## DATA FOR ANALYSIS
- Opening Delimiter -

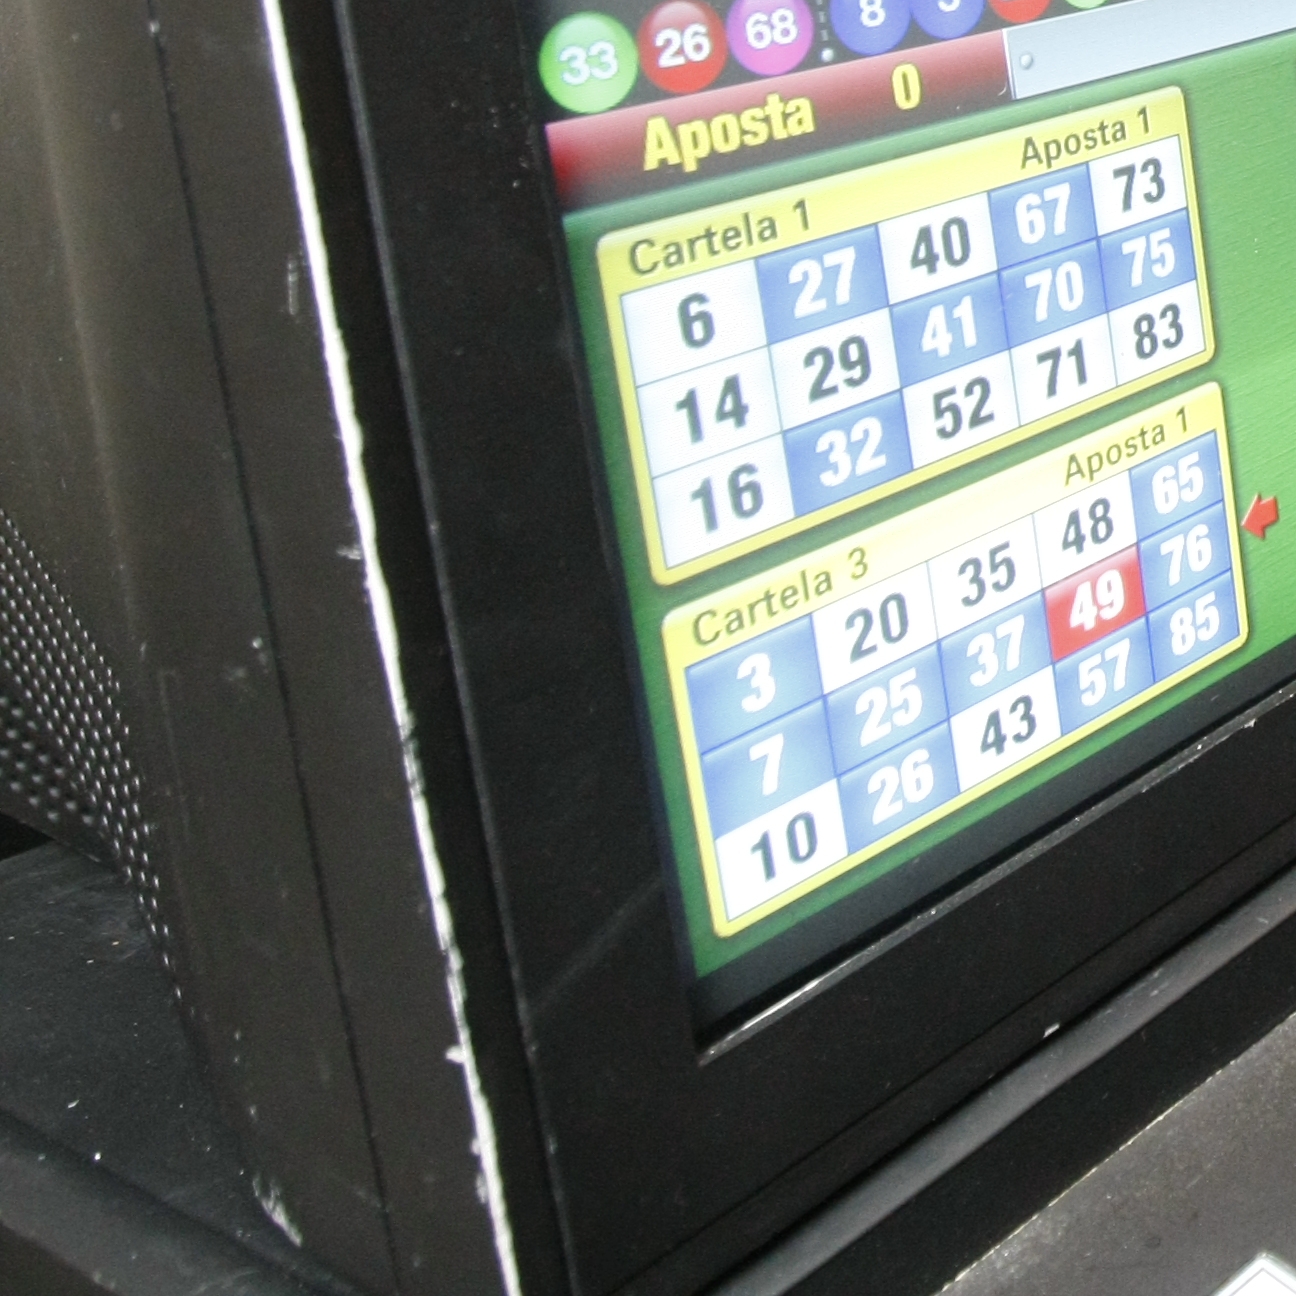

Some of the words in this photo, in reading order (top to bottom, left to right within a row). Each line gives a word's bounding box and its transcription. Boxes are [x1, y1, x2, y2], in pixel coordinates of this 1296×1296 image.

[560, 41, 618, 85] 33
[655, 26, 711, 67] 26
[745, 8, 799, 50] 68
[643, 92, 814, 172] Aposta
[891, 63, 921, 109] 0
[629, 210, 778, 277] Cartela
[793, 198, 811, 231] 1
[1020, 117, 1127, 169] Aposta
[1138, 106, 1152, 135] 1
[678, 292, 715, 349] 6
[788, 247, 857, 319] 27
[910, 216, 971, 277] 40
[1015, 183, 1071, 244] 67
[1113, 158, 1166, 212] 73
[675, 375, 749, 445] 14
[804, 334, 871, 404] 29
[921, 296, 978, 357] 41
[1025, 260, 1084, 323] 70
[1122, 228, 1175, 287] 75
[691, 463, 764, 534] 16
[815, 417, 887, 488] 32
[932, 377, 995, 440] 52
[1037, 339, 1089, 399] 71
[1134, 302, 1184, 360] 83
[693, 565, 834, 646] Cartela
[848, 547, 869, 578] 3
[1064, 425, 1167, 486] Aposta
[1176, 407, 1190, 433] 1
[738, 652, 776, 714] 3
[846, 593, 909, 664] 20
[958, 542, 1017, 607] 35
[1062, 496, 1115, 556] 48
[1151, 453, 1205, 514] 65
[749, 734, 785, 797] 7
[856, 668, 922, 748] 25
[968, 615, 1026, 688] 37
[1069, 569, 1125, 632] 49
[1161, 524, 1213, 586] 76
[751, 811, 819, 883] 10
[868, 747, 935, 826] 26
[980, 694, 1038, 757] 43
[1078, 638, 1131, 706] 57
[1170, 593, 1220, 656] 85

- Closing Delimiter -

## WHAT TO DO
Please give the records again word for word, omitting all images.

## YOUR SOLUTION
Some of the words in this photo, in reading order (top to bottom, left to right within a row). Each line gives a word's bounding box and its transcription. Boxes are [x1, y1, x2, y2], in pixel coordinates of this 1296×1296 image.

[560, 41, 618, 85] 33
[655, 26, 711, 67] 26
[745, 8, 799, 50] 68
[643, 92, 814, 172] Aposta
[891, 63, 921, 109] 0
[629, 210, 778, 277] Cartela
[793, 198, 811, 231] 1
[1020, 117, 1127, 169] Aposta
[1138, 106, 1152, 135] 1
[678, 292, 715, 349] 6
[788, 247, 857, 319] 27
[910, 216, 971, 277] 40
[1015, 183, 1071, 244] 67
[1113, 158, 1166, 212] 73
[675, 375, 749, 445] 14
[804, 334, 871, 404] 29
[921, 296, 978, 357] 41
[1025, 260, 1084, 323] 70
[1122, 228, 1175, 287] 75
[691, 463, 764, 534] 16
[815, 417, 887, 488] 32
[932, 377, 995, 440] 52
[1037, 339, 1089, 399] 71
[1134, 302, 1184, 360] 83
[693, 565, 834, 646] Cartela
[848, 547, 869, 578] 3
[1064, 425, 1167, 486] Aposta
[1176, 407, 1190, 433] 1
[738, 652, 776, 714] 3
[846, 593, 909, 664] 20
[958, 542, 1017, 607] 35
[1062, 496, 1115, 556] 48
[1151, 453, 1205, 514] 65
[749, 734, 785, 797] 7
[856, 668, 922, 748] 25
[968, 615, 1026, 688] 37
[1069, 569, 1125, 632] 49
[1161, 524, 1213, 586] 76
[751, 811, 819, 883] 10
[868, 747, 935, 826] 26
[980, 694, 1038, 757] 43
[1078, 638, 1131, 706] 57
[1170, 593, 1220, 656] 85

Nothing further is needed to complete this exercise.